Exclude the images, then return every line below exactly as written.

**** Material shown

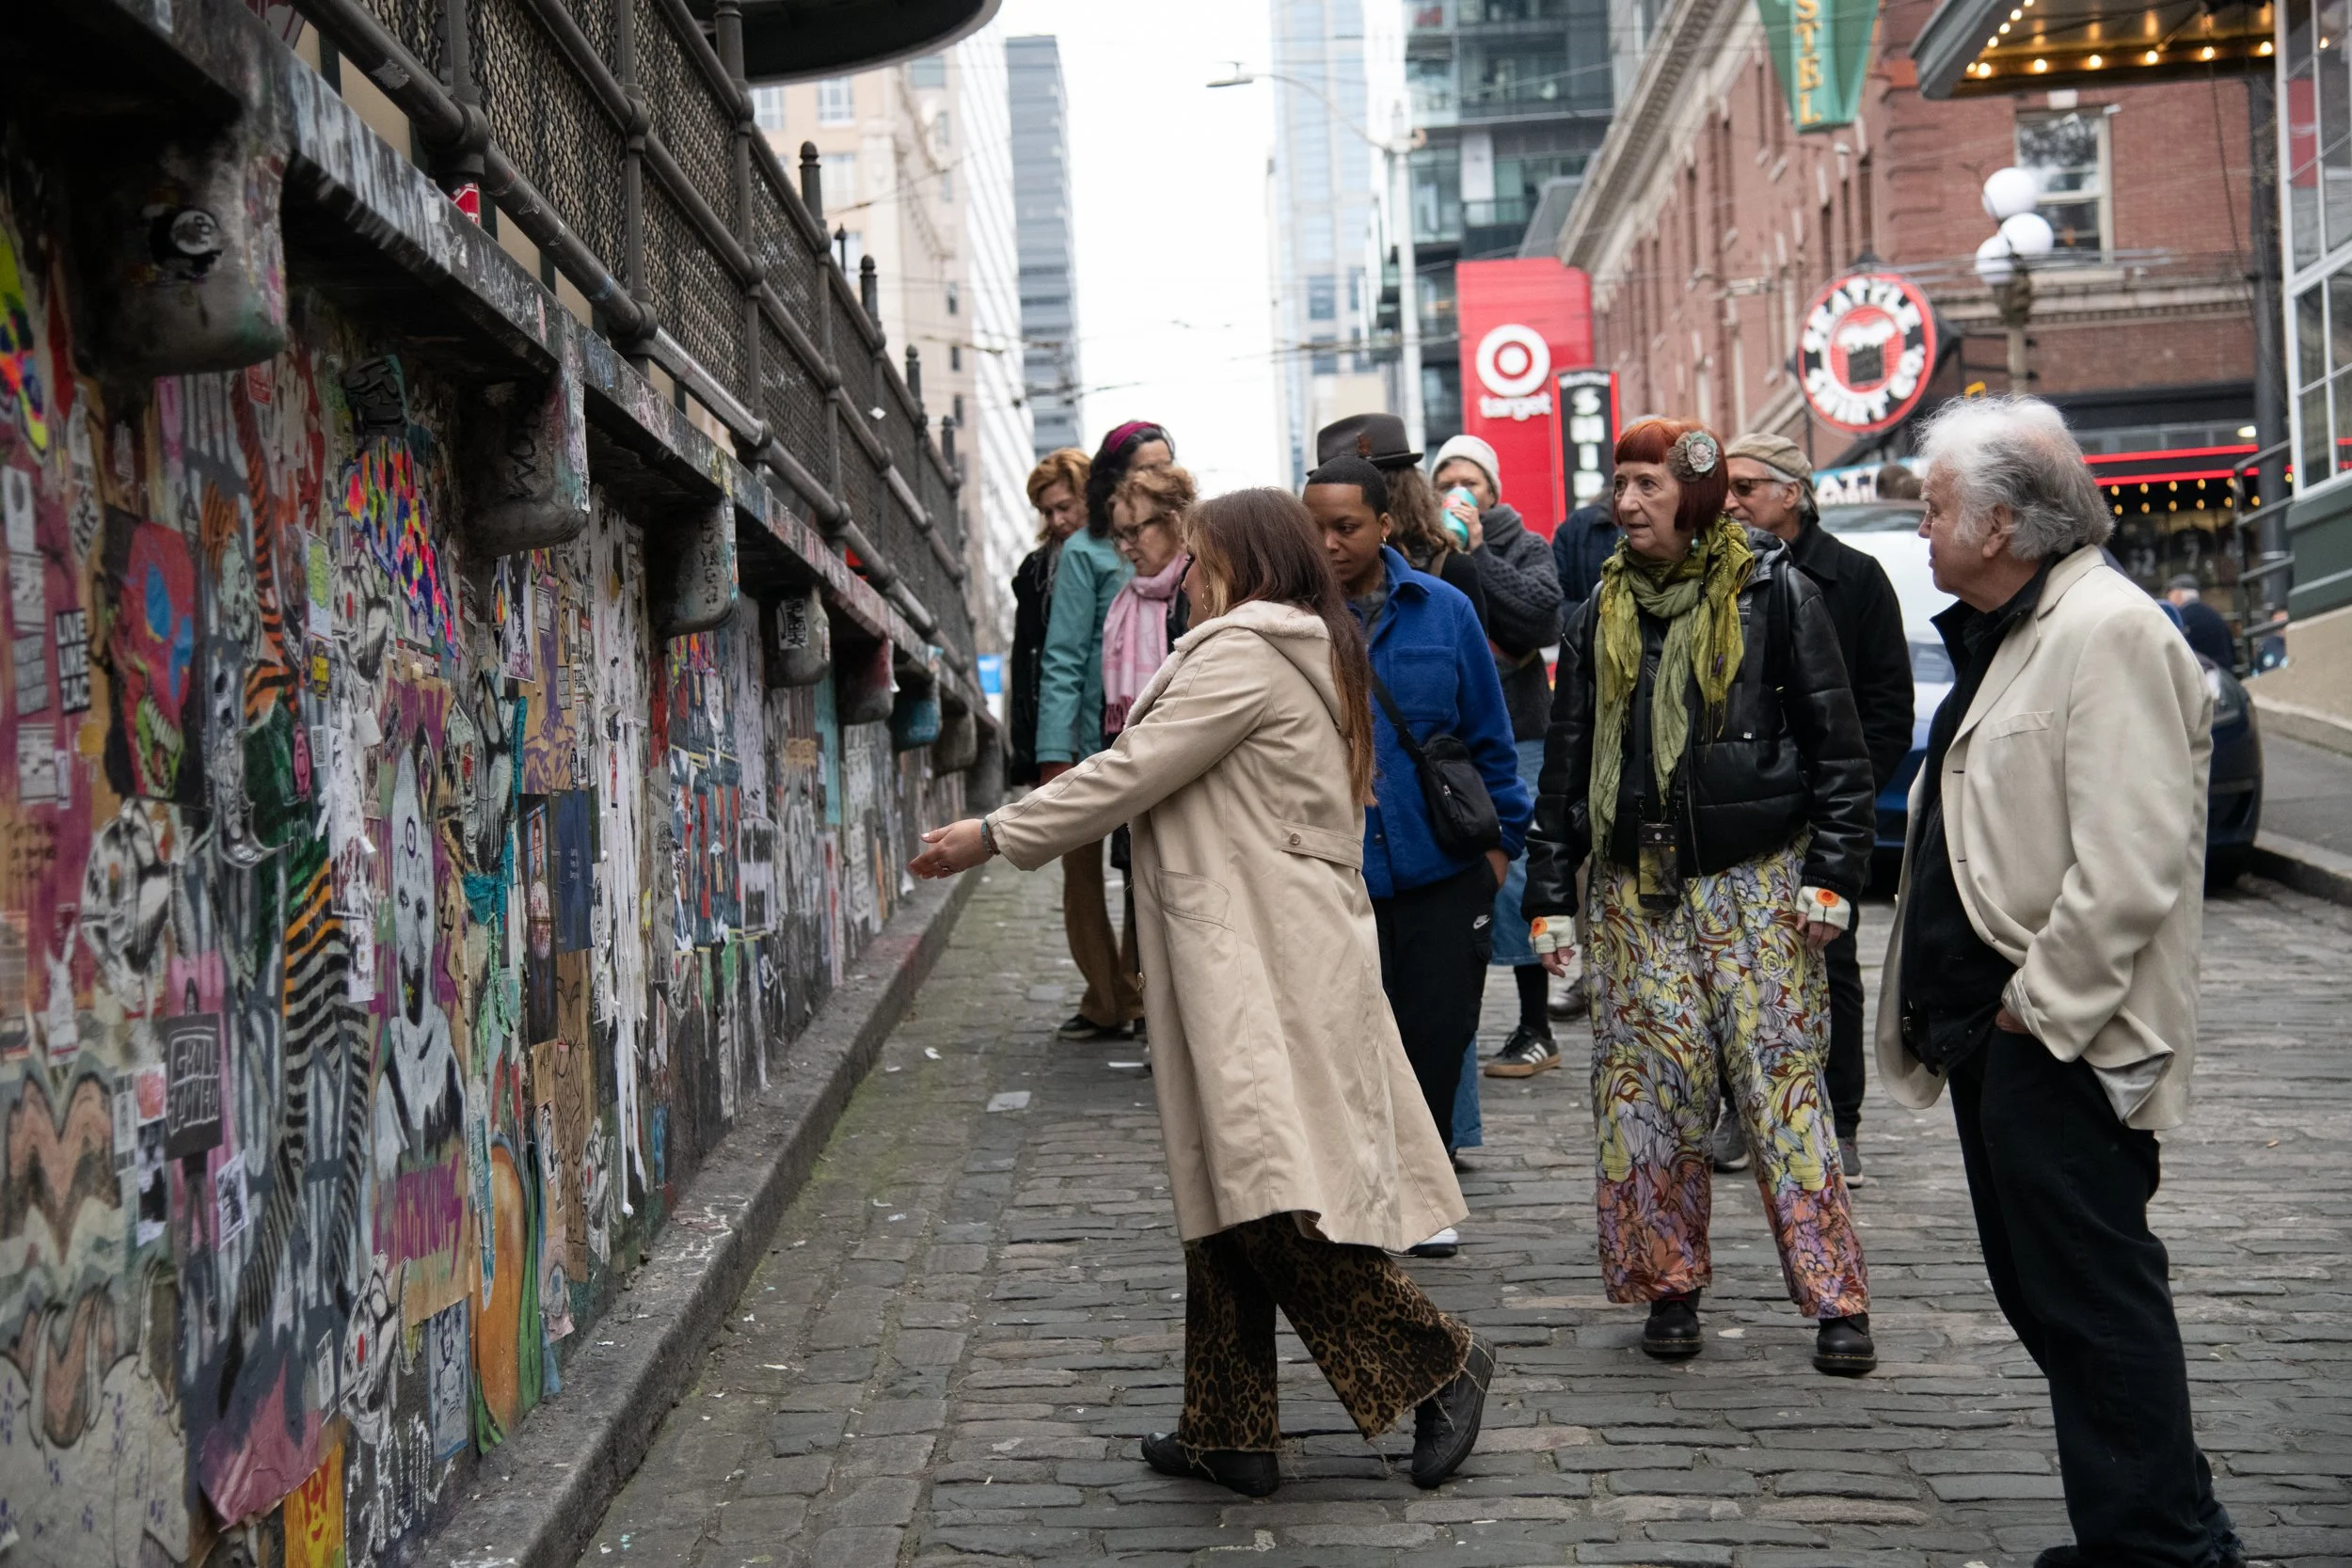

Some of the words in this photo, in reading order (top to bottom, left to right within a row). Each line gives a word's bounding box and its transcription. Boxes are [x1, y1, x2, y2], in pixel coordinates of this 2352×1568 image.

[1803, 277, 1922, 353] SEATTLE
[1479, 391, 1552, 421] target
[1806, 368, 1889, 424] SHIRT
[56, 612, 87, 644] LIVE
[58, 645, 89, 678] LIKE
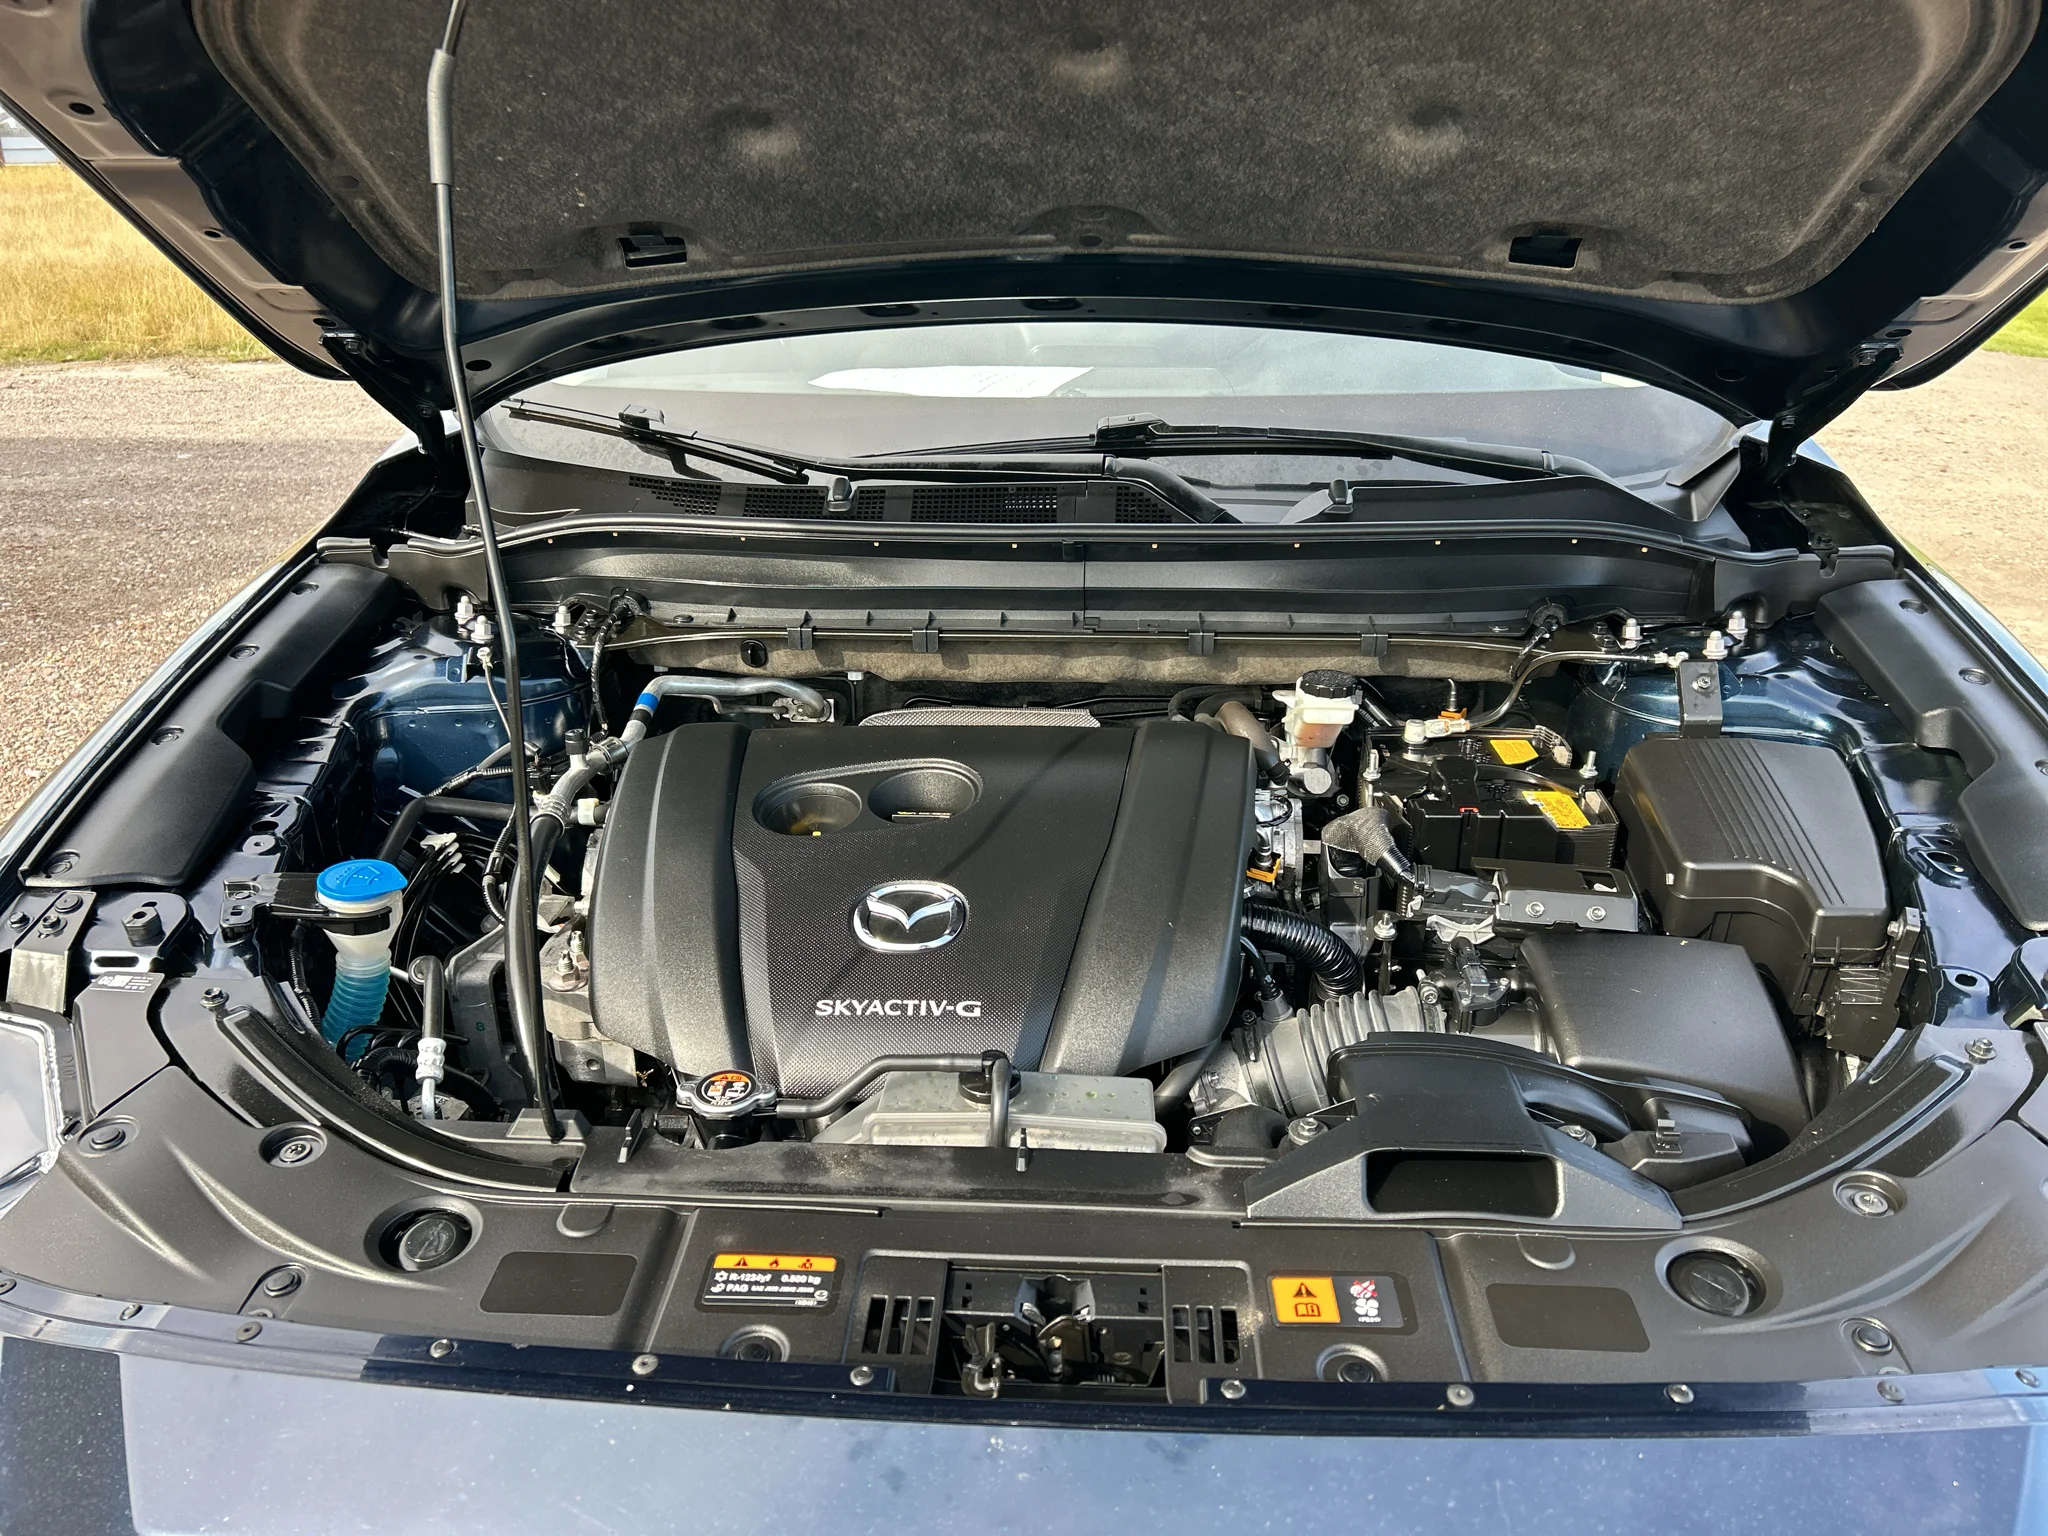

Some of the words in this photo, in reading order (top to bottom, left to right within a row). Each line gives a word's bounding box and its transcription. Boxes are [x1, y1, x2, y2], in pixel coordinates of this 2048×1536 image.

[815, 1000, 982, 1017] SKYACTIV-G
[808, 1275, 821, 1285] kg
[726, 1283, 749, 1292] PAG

********

(Exercise result)
Some of the words in this photo, in reading order (top to bottom, left to right within a row). Each line gives a word's bounding box and its transcription. Boxes are [x1, y1, x2, y2], in pixel coordinates of this 2352×1568 image.

[1803, 277, 1922, 353] SEATTLE
[1479, 391, 1552, 421] target
[1806, 368, 1889, 424] SHIRT
[56, 612, 87, 644] LIVE
[58, 645, 89, 678] LIKE

Some of the words in this photo, in reading order (top to bottom, left to right within a row). Each line gives a word's bounding box and its transcription. Boxes are [x1, y1, x2, y2], in pixel coordinates of this 2048×1536 image.

[815, 1000, 982, 1017] SKYACTIV-G
[808, 1275, 821, 1285] kg
[726, 1283, 749, 1292] PAG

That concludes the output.